> _Exercise requirements_
The data below calls for an exact copy.

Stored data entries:
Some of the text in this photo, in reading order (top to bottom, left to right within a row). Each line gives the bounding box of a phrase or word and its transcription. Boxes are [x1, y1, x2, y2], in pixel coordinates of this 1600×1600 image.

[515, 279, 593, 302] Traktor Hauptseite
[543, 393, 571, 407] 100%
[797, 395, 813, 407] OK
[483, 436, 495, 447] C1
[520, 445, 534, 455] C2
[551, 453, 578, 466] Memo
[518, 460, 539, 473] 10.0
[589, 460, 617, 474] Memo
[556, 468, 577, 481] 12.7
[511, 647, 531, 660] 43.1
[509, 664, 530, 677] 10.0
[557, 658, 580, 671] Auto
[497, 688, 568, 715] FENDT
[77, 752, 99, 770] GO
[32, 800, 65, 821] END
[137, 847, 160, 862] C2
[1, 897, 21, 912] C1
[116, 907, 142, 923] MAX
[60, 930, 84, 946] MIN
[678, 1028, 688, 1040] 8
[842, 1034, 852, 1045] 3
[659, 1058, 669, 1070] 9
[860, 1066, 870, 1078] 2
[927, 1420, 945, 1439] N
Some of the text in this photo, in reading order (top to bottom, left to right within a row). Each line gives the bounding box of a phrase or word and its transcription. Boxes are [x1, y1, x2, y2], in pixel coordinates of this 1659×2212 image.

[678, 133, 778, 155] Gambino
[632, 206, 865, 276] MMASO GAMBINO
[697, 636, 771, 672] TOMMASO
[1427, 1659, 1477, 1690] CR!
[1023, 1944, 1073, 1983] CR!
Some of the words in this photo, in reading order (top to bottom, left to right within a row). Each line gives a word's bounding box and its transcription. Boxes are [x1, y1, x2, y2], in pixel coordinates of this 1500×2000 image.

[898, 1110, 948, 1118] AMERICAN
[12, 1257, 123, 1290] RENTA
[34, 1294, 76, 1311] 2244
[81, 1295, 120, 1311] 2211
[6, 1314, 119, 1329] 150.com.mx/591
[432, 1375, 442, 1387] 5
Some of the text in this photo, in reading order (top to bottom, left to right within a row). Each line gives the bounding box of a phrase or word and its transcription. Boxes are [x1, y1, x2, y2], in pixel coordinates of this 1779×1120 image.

> _Exercise output_
Some of the text in this photo, in reading order (top to bottom, left to right within a row). Each line gives the bounding box of a phrase or word and its transcription. Boxes are [x1, y1, x2, y2], in pixel coordinates of this 1600×1600 image.

[515, 279, 593, 302] Traktor Hauptseite
[543, 393, 571, 407] 100%
[797, 395, 813, 407] OK
[483, 436, 495, 447] C1
[520, 445, 534, 455] C2
[551, 453, 578, 466] Memo
[518, 460, 539, 473] 10.0
[589, 460, 617, 474] Memo
[556, 468, 577, 481] 12.7
[511, 647, 531, 660] 43.1
[509, 664, 530, 677] 10.0
[557, 658, 580, 671] Auto
[497, 688, 568, 715] FENDT
[77, 752, 99, 770] GO
[32, 800, 65, 821] END
[137, 847, 160, 862] C2
[1, 897, 21, 912] C1
[116, 907, 142, 923] MAX
[60, 930, 84, 946] MIN
[678, 1028, 688, 1040] 8
[842, 1034, 852, 1045] 3
[659, 1058, 669, 1070] 9
[860, 1066, 870, 1078] 2
[927, 1420, 945, 1439] N
Some of the text in this photo, in reading order (top to bottom, left to right within a row). Each line gives the bounding box of a phrase or word and its transcription. Boxes are [x1, y1, x2, y2], in pixel coordinates of this 1659×2212 image.

[678, 133, 778, 155] Gambino
[632, 206, 865, 276] MMASO GAMBINO
[697, 636, 771, 672] TOMMASO
[1427, 1659, 1477, 1690] CR!
[1023, 1944, 1073, 1983] CR!
Some of the words in this photo, in reading order (top to bottom, left to right within a row). Each line gives a word's bounding box and its transcription. Boxes are [x1, y1, x2, y2], in pixel coordinates of this 1500×2000 image.

[898, 1110, 948, 1118] AMERICAN
[12, 1257, 123, 1290] RENTA
[34, 1294, 76, 1311] 2244
[81, 1295, 120, 1311] 2211
[6, 1314, 119, 1329] 150.com.mx/591
[432, 1375, 442, 1387] 5
Some of the text in this photo, in reading order (top to bottom, left to right within a row). Each line gives the bounding box of a phrase or word and its transcription. Boxes are [x1, y1, x2, y2], in pixel coordinates of this 1779×1120 image.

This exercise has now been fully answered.